LDJ–Pt 28(81-83)—those sweating in Hell redeemed? already reconciled! THE Lutheran Difference

     This continues from the previous Part 27 presenting a new translation of C.F.W. Walther's seminal essay in 1859 (see Part 1 for Table of Contents).  In this Part 28, Endnote [H] is finished and continues on to [I], [K], and [L], there is no [J] endnote.
     Walther makes a statement that makes a lot of so-called "religious" people, even many who would call themselves Lutheran, "mad as Hell".  He says:
...also those are redeemed that are sweating in hell.

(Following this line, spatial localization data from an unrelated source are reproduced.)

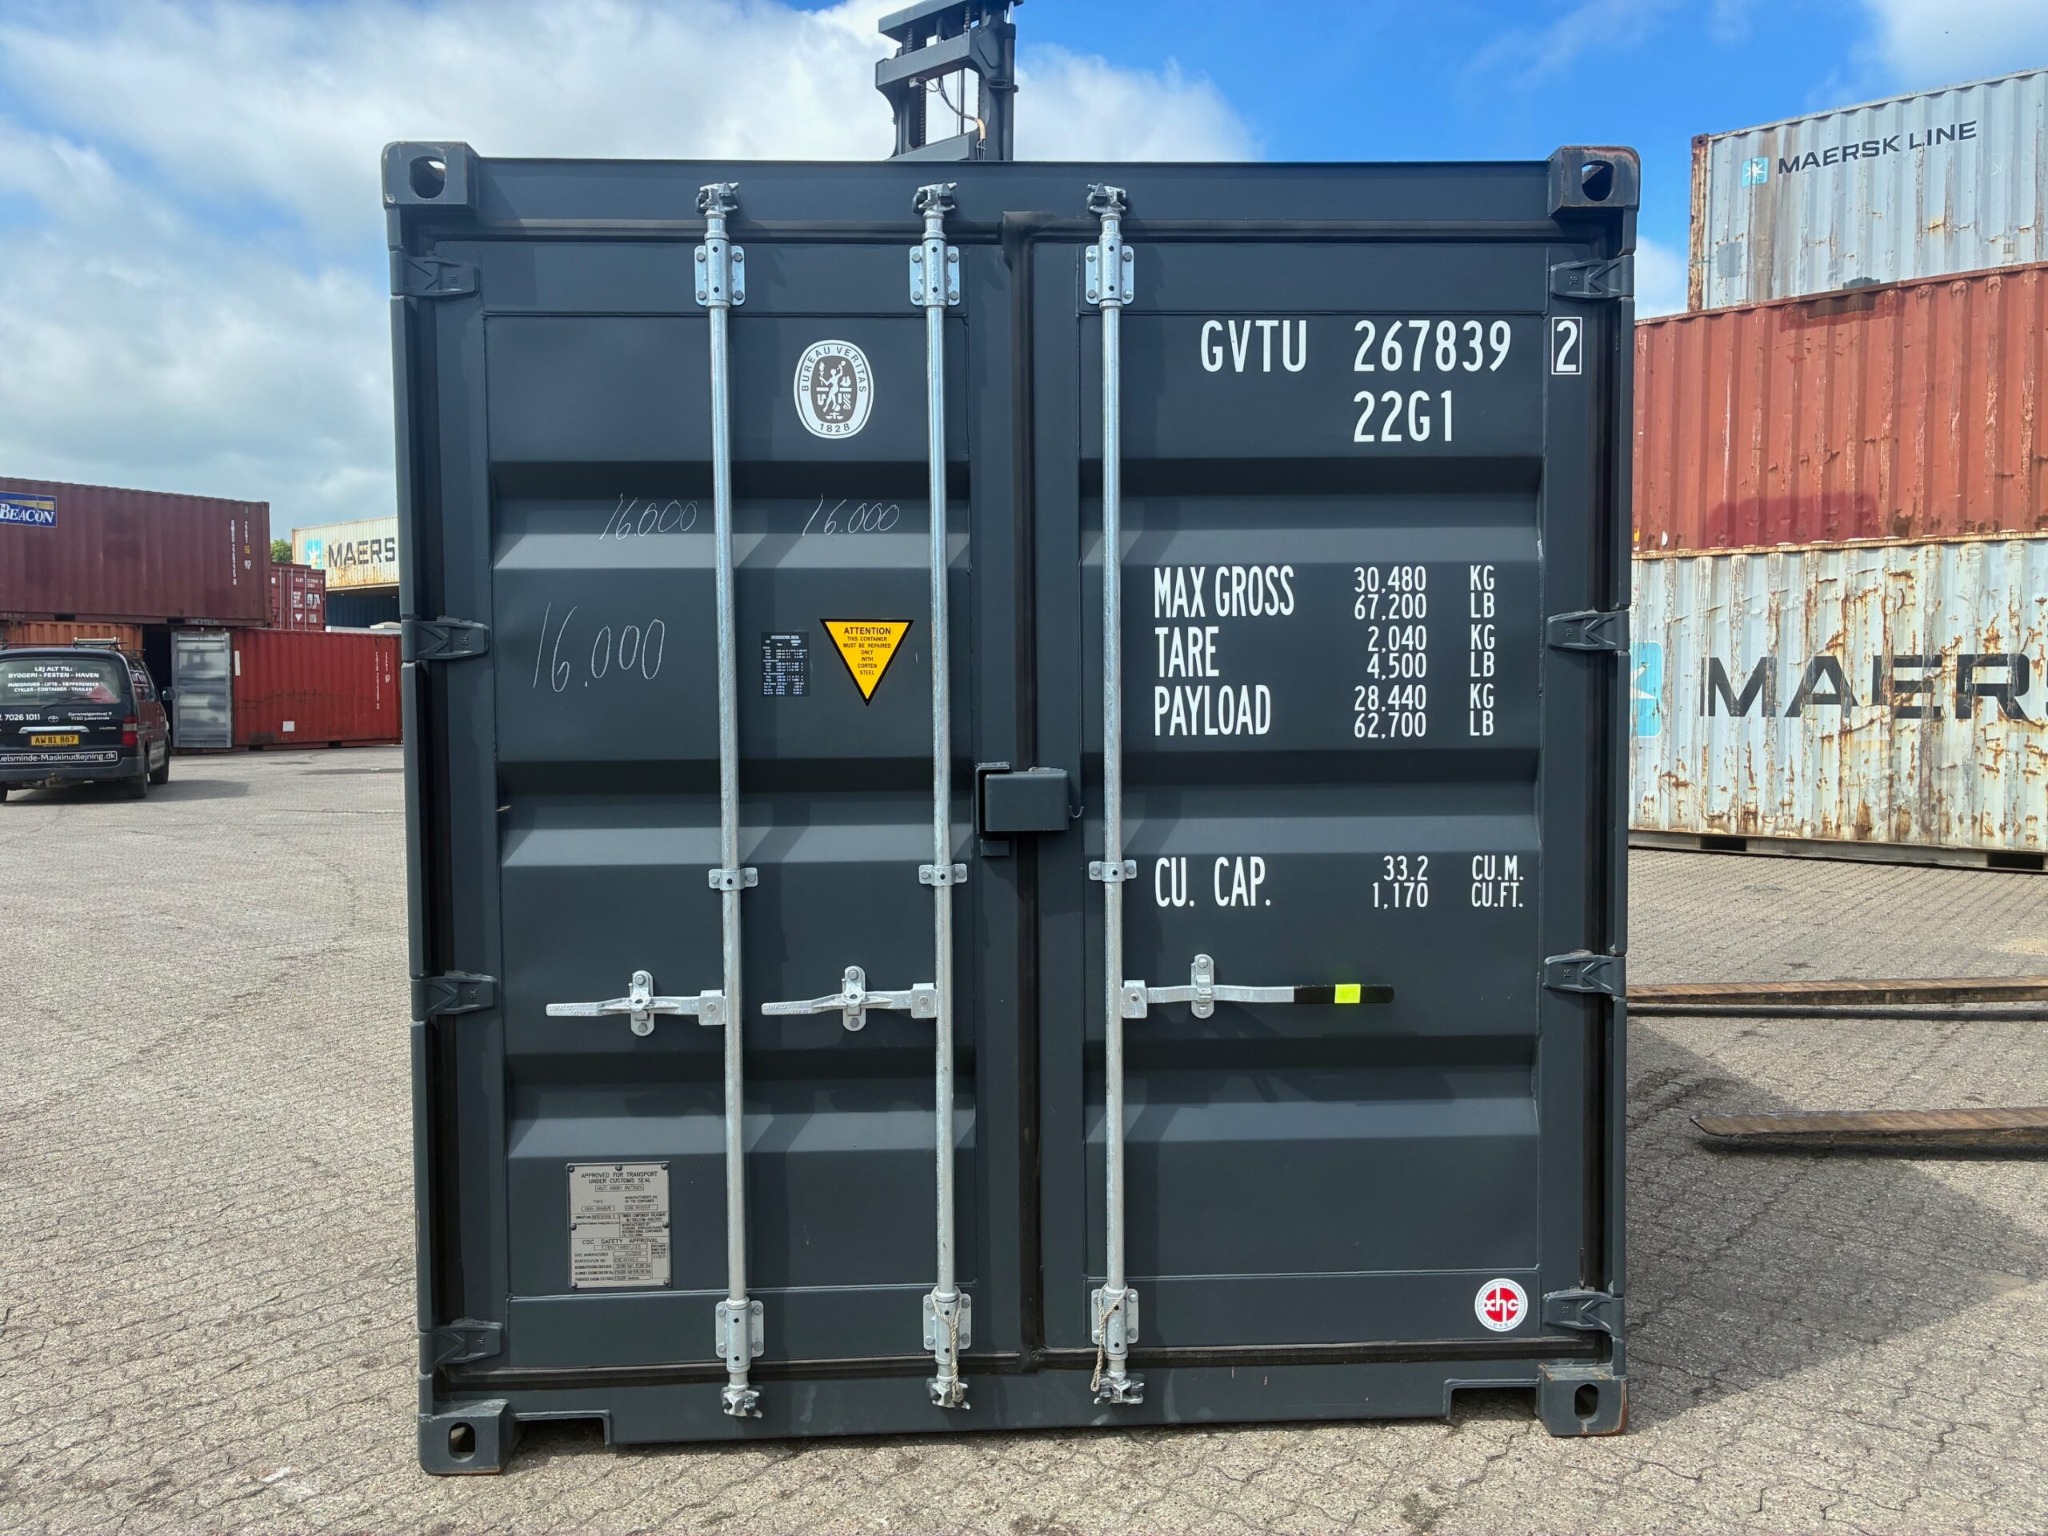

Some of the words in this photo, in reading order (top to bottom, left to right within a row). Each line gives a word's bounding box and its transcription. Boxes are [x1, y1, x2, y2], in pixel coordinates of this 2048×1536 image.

[1778, 135, 1900, 175] MAERSK
[1909, 120, 1977, 150] LINE
[1201, 319, 1307, 373] GVTU
[1354, 319, 1511, 372] 267839
[1555, 319, 1579, 373] 2
[802, 346, 830, 391] BUREAU
[836, 347, 866, 392] VERITAS
[819, 424, 850, 432] 1828
[1354, 390, 1453, 443] 22G1
[599, 492, 698, 540] 16.000
[802, 493, 900, 537] 16.000
[1154, 566, 1205, 619] MAX
[1215, 566, 1295, 617] GROSS
[1354, 566, 1426, 593] 30,480
[1470, 565, 1495, 591] KG
[1354, 593, 1427, 621] 67,200
[1470, 592, 1495, 618] LB
[532, 601, 666, 692] 16.000
[844, 627, 891, 635] ATTENTION
[1155, 626, 1219, 678] TARE
[1368, 625, 1427, 653] 2,040
[1470, 624, 1495, 650] KG
[1367, 652, 1427, 680] 4,500
[1470, 651, 1495, 678] LB
[1700, 652, 2048, 721] MAER
[1154, 685, 1271, 737] PAYLOAD
[1354, 684, 1426, 712] 28,440
[1470, 683, 1494, 709] KG
[1354, 711, 1426, 739] 62,700
[1470, 710, 1494, 736] LB
[1155, 856, 1195, 909] CU.
[1214, 856, 1271, 908] CAP.
[1382, 855, 1429, 882] 33.2
[1471, 855, 1524, 881] CU.M.
[1371, 881, 1429, 910] 1,170
[1471, 882, 1524, 908] CU.FT.

    Maybe the former members of the Synodical Conference should study this statement of Walther together for it might wake them up spiritually...  If those in Hell were not redeemed by the blood of Christ, then Jesus should not have called Judas "Friend" (Matt. 26:50)... Peter should not have said "false prophets... denying the Lord that bought them" (1 Peter 2:1)... and I am going to Hell.  Ah, but with this statement the beloved Walther pulled me off the path of despair to Hell and showed me my faithful Redeemer... it was not He who left me, it was I who had left Him. (Matt. 23:37, Luke 13:34, Ezek. 33:11)
     Underlining follows Walther's emphasis in original.  Hypertext links have been copiously added for reference to original sources and on several subjects.  Highlighting is mine.

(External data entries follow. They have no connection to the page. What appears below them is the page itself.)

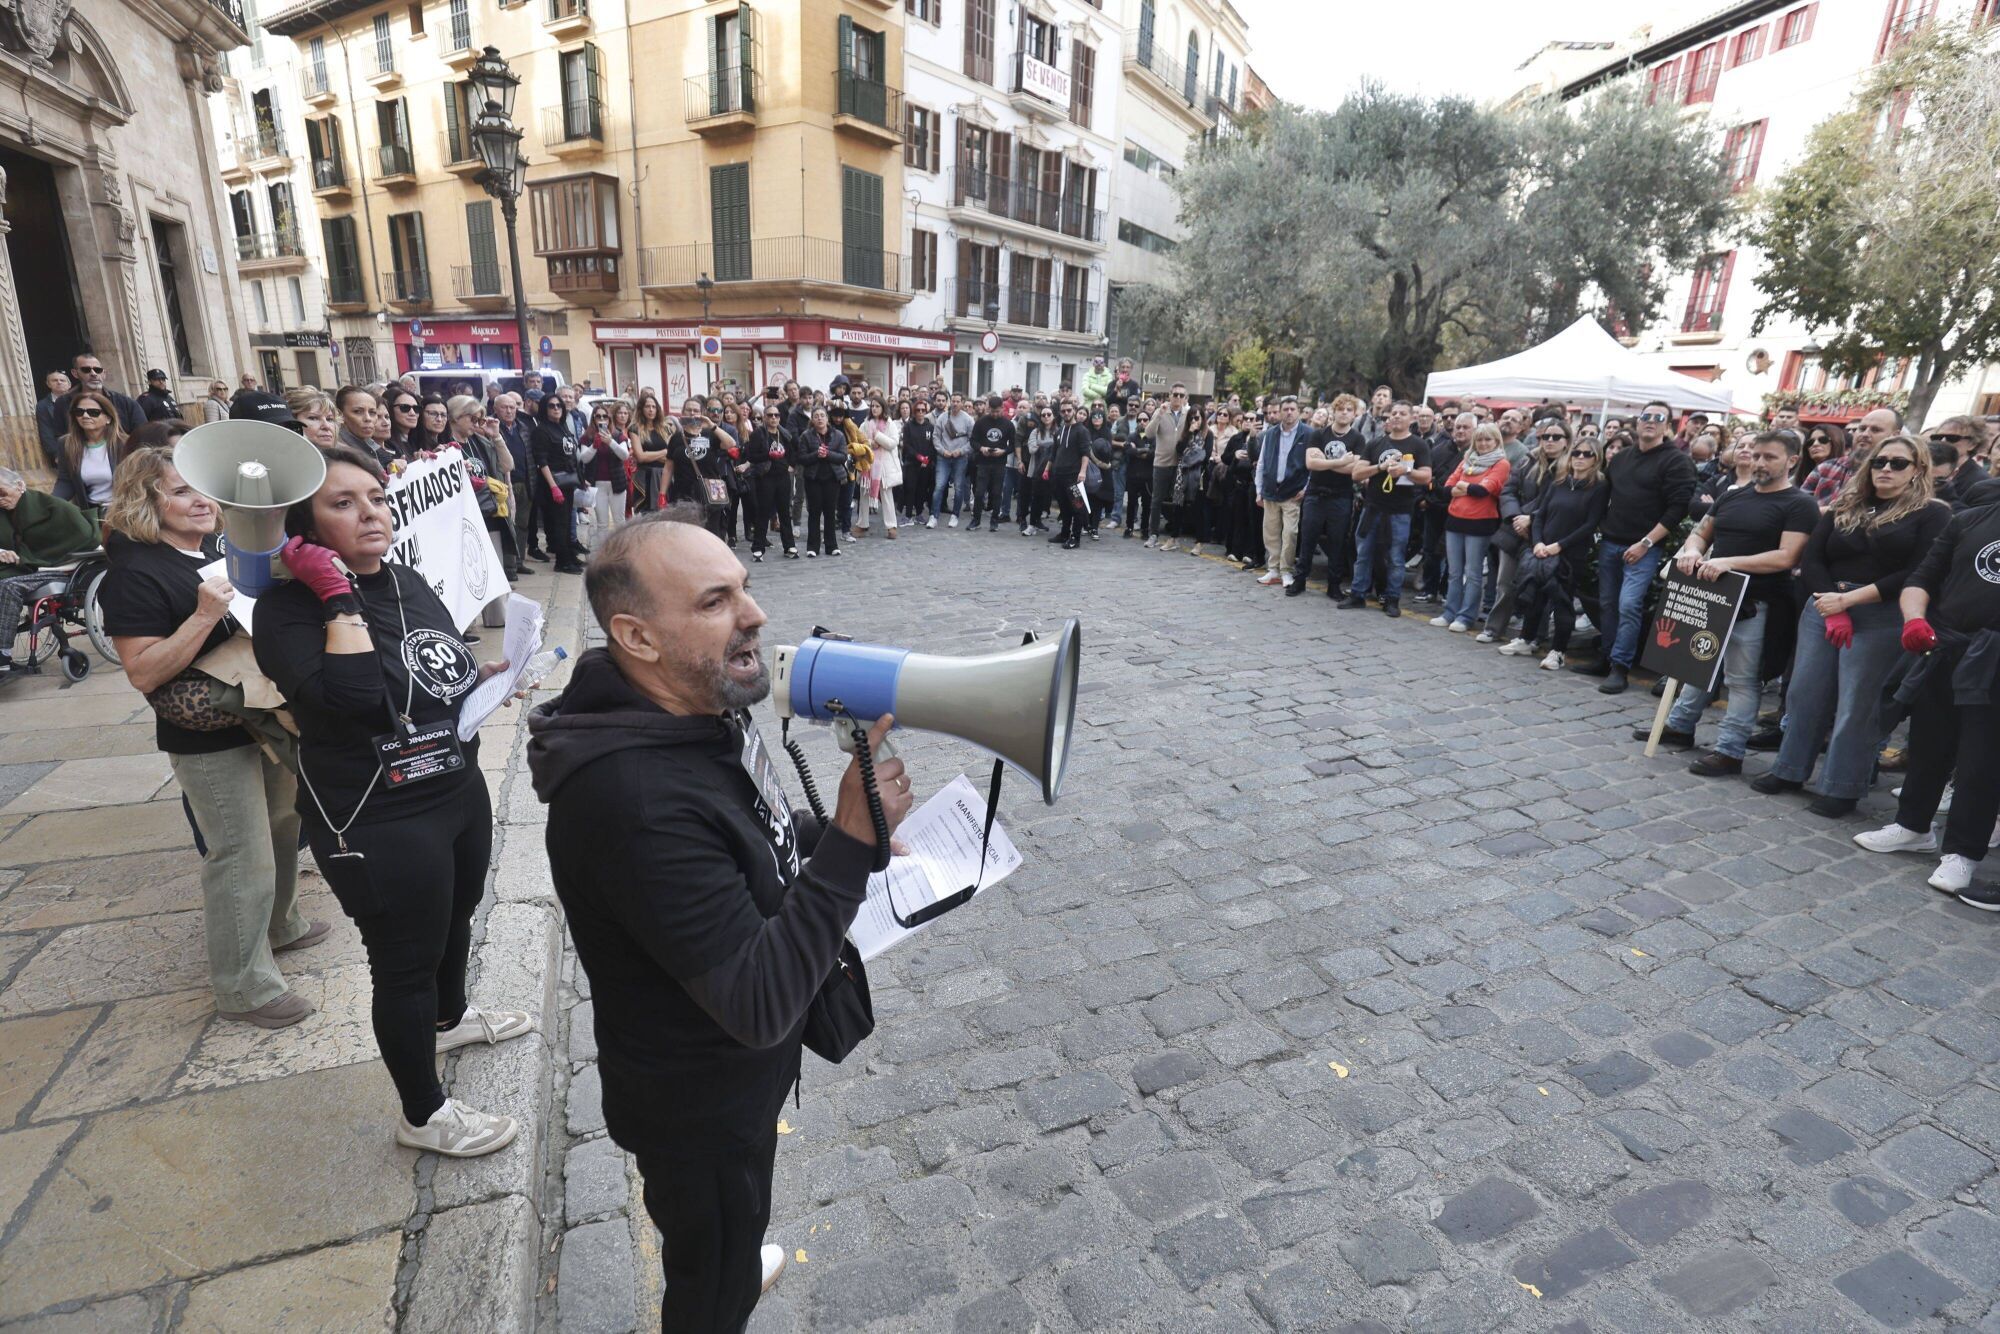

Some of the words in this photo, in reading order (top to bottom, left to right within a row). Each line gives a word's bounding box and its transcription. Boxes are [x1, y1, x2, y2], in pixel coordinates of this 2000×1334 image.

[1026, 59, 1038, 82] SE
[1040, 66, 1068, 96] VENDE
[655, 329, 691, 338] PASTISSERIA
[841, 331, 882, 343] PASTISSERIA
[884, 336, 901, 346] CORT
[1807, 401, 1850, 417] CORT
[1667, 580, 1680, 591] SIN
[1680, 584, 1732, 607] AUTÓNOMOS...
[1668, 592, 1676, 600] NI
[1676, 593, 1708, 611] NÓMINAS,
[1663, 609, 1671, 617] NI
[1671, 611, 1707, 629] IMPUESTOS
[1665, 600, 1673, 608] NI
[1673, 603, 1708, 620] EMPRESAS,
[1697, 637, 1712, 651] 30
[421, 642, 457, 670] 30
[444, 665, 460, 681] N
[382, 729, 451, 751] COODINADORA
[407, 765, 445, 779] MALLORCA
[985, 842, 1001, 865] FICIAL

= = = = = = = = = = = =  Part 28: Pages 81-83 (1880)  = = = = = = = = = = = =
(cont'd from Part 27)
The Lutheran Doctrine of Justification.
[by C.F.W. Walther]
Hereby is also not to lose sight of the fact that a distinction is to be made between absolution and indulgence.

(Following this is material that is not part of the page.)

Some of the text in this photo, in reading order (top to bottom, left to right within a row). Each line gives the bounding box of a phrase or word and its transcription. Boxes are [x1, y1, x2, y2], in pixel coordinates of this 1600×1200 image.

[1880-81] In the former only the eternal punishments of the confessed sins, in contrast all temporal sins and church punishments are by other means: works of satisfaction, Masses, church building, with the indulgences attached to it, in short: through money they should become remitted.  Moreover, the temporal punishments only cease with the Judgment Day, so that also the torments of purgatory are reckoned in addition, since most cannot carry all the unpaid temporal punishments already before their death, which is why it is again said: “Money here, so the torment of purgatory be abbreviated!”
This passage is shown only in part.